[WORK REQUEST] The task calls for an exact copy of the records, without any images.

::: RECORDS SHOWN

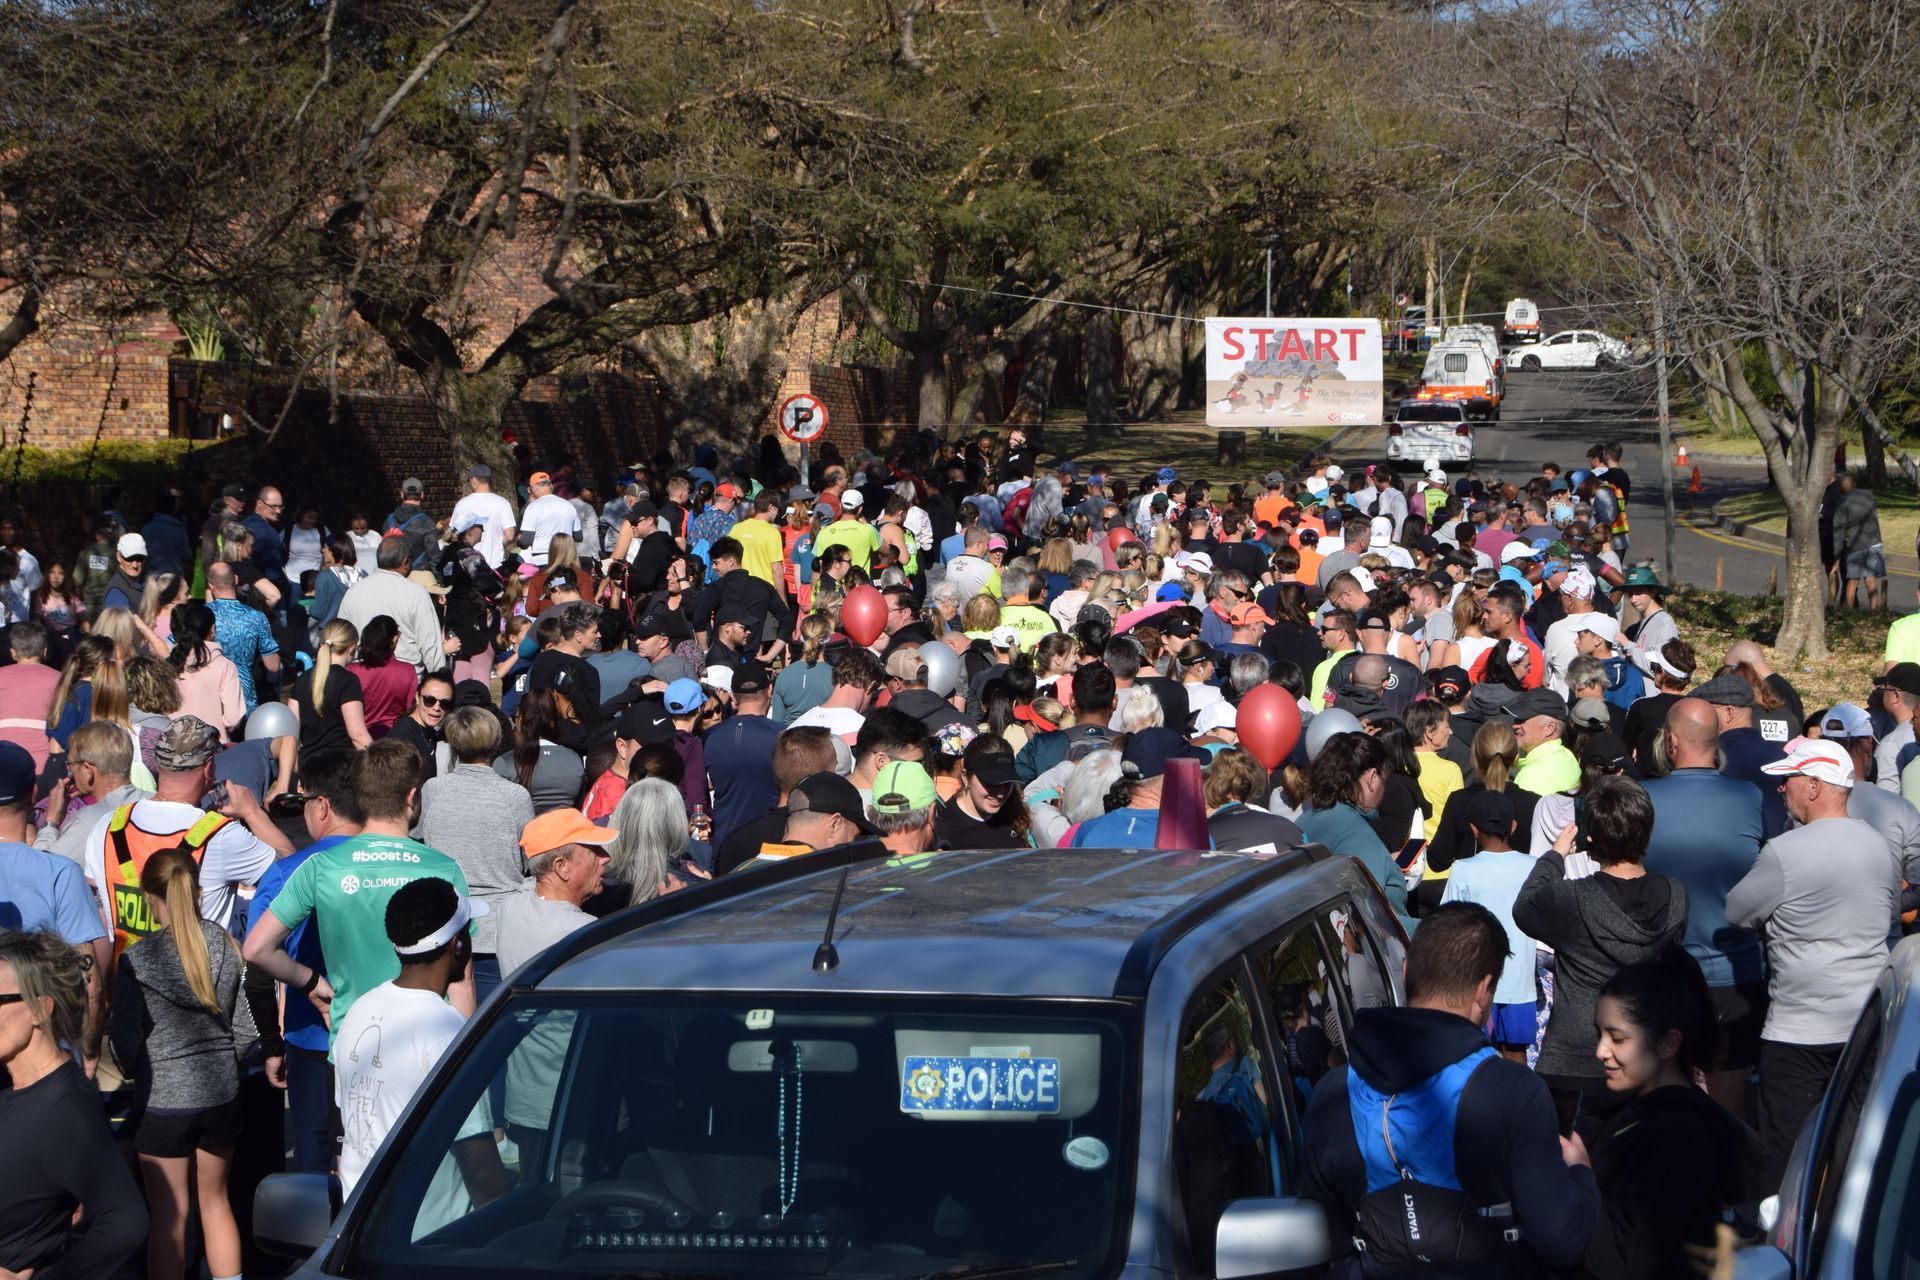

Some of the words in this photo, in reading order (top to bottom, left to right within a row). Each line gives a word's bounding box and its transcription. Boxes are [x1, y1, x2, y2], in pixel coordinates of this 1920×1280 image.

[1223, 327, 1365, 361] START
[1340, 411, 1366, 420] Otter
[1762, 721, 1778, 733] 227
[352, 850, 402, 863] #boost
[402, 851, 421, 863] 56
[116, 890, 162, 932] POLI
[351, 1072, 385, 1097] CAN'T
[947, 1066, 1055, 1103] POLICE
[348, 1091, 379, 1117] FEEL
[1404, 1193, 1420, 1240] EVADICT
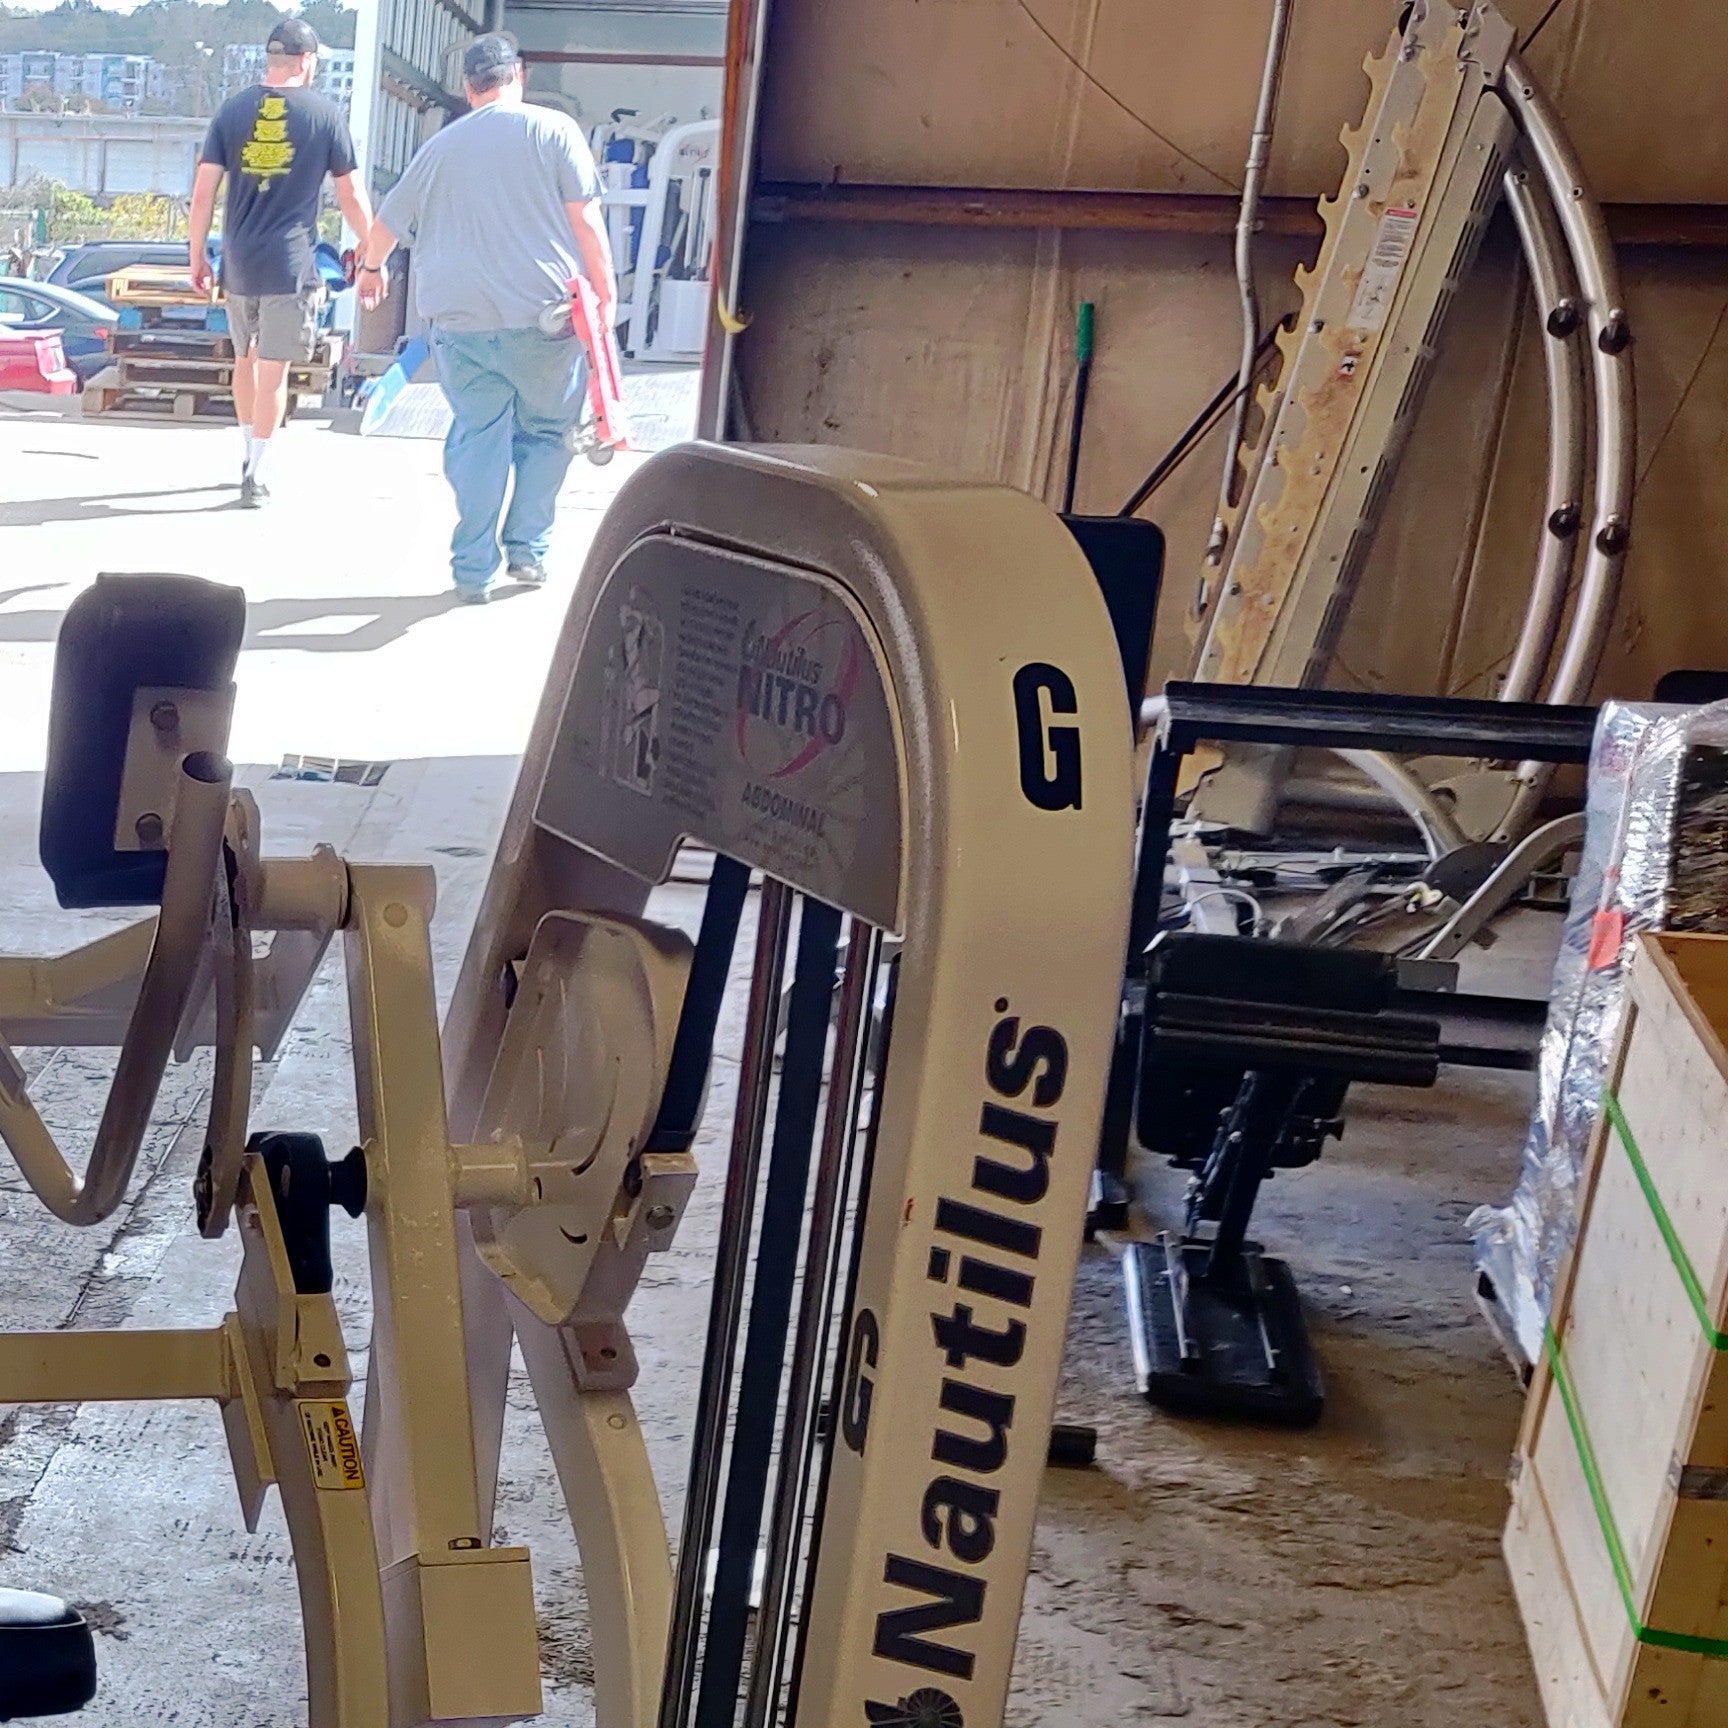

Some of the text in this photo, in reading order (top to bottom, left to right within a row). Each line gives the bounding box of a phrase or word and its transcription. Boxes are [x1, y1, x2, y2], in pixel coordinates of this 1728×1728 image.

[737, 663, 846, 746] NITRO
[1012, 662, 1084, 813] G
[741, 781, 825, 837] ABDOMINAL
[873, 1013, 1069, 1682] Nautilus
[334, 1417, 360, 1481] CAUTION
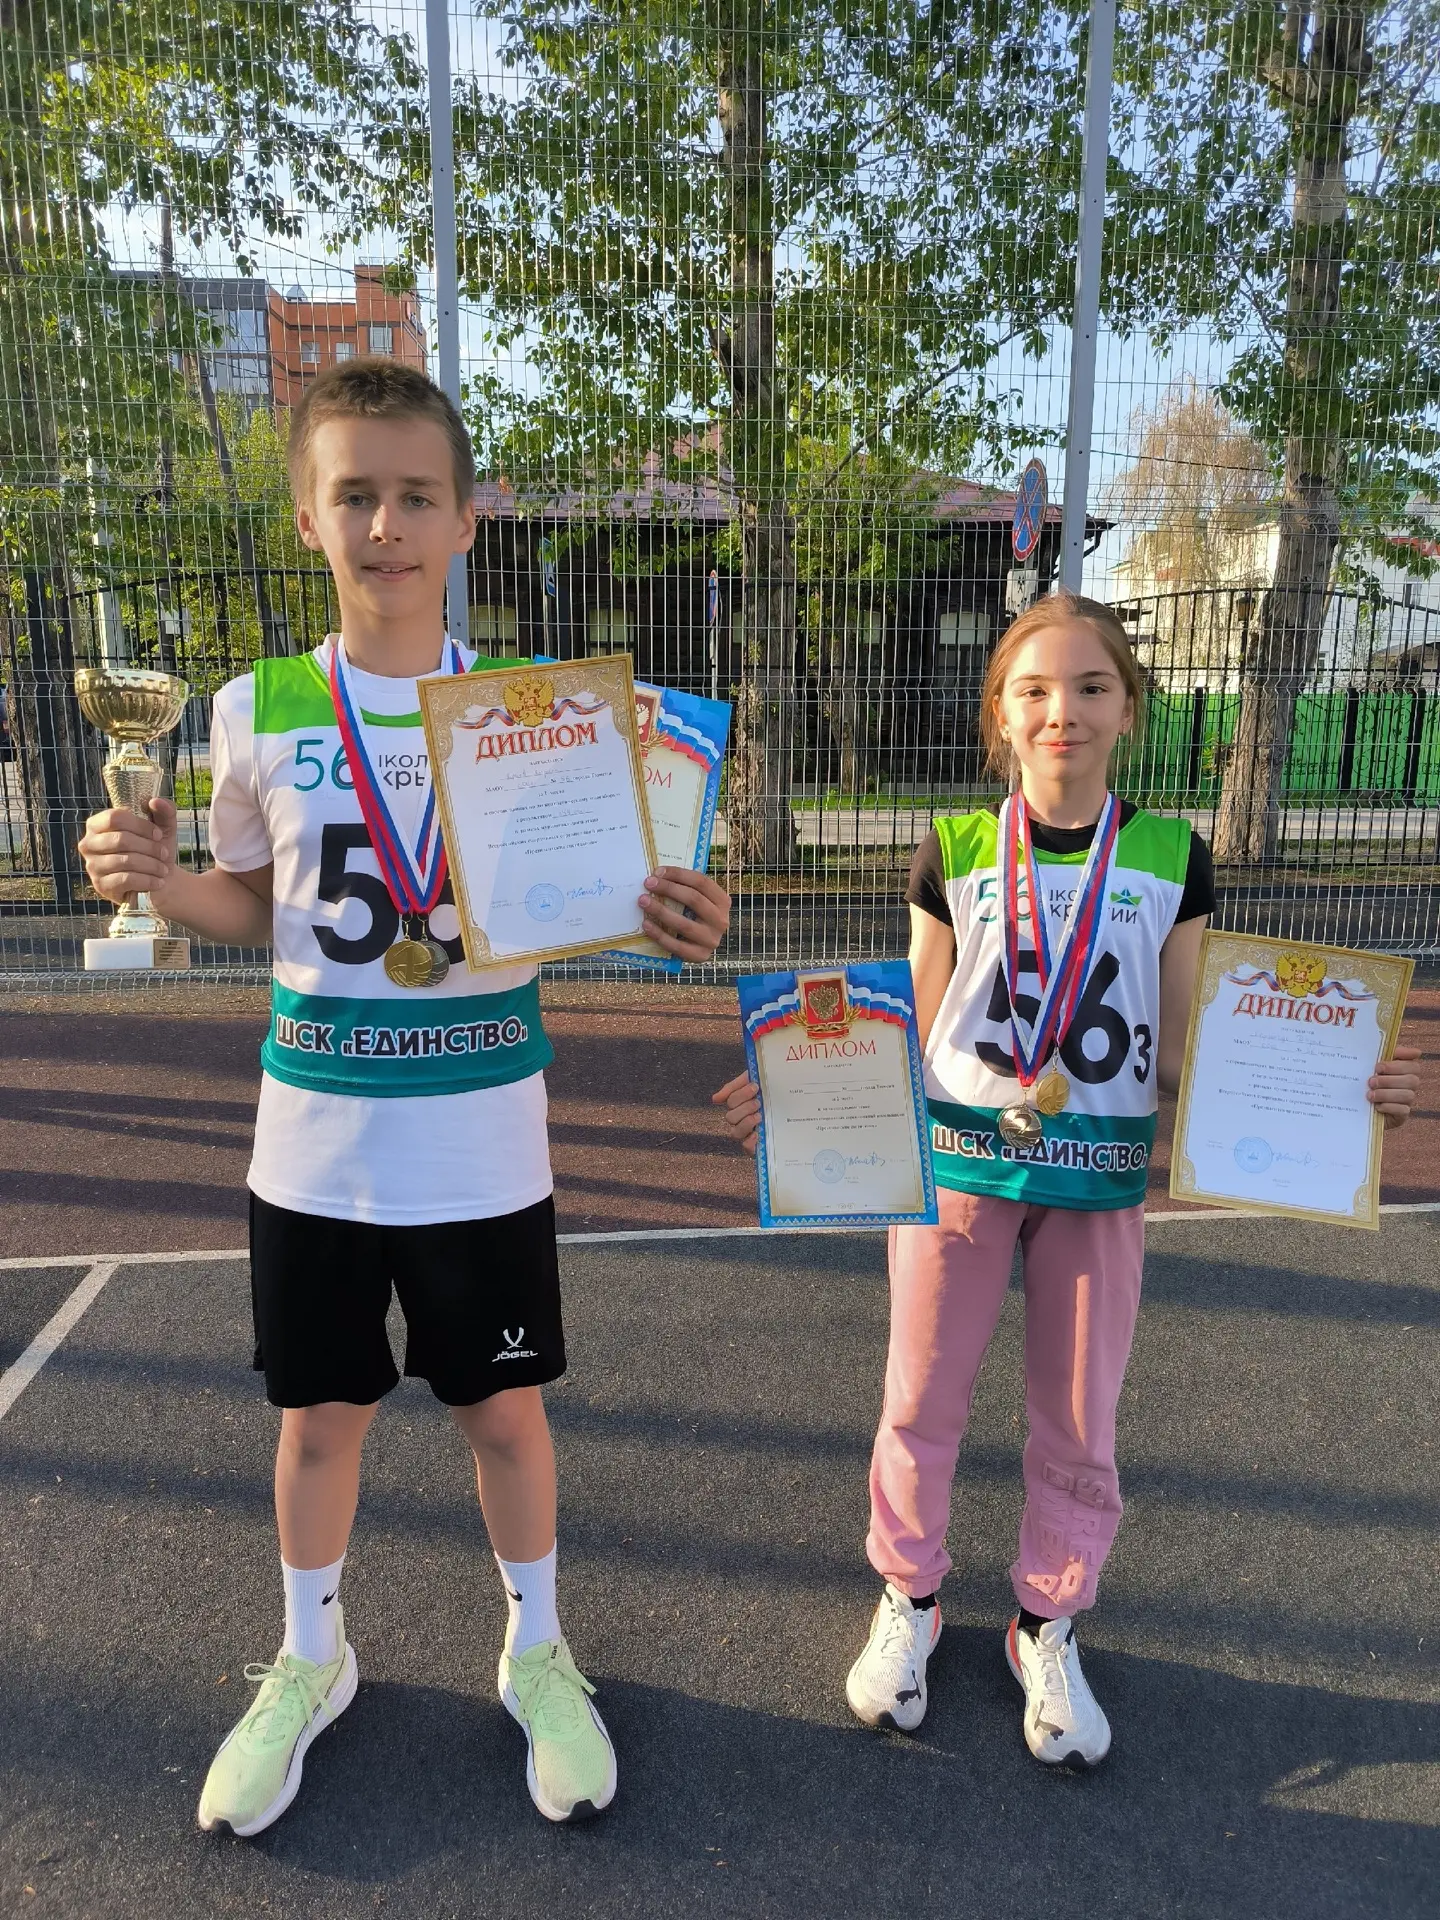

::::::

[RESPONSE BOX]
Some of the words in this photo, in reading order (top to bottom, left to right within a row). Each line gives a word's bounding box and its transcription. Boxes are [x1, y1, x2, y2], in pixel coordinates of this 1920×1280 image.

[1223, 327, 1365, 361] START
[1340, 411, 1366, 420] Otter
[1762, 721, 1778, 733] 227
[352, 850, 402, 863] #boost
[402, 851, 421, 863] 56
[116, 890, 162, 932] POLI
[351, 1072, 385, 1097] CAN'T
[947, 1066, 1055, 1103] POLICE
[348, 1091, 379, 1117] FEEL
[1404, 1193, 1420, 1240] EVADICT

Some of the text in this photo, in reading order (top to bottom, left to right within a row). Each line gives the bounding box of a phrase or word and its transcription. Boxes are [x1, y1, x2, y2], in pixel coordinates of this 1728×1728 image.

[737, 663, 846, 746] NITRO
[1012, 662, 1084, 813] G
[741, 781, 825, 837] ABDOMINAL
[873, 1013, 1069, 1682] Nautilus
[334, 1417, 360, 1481] CAUTION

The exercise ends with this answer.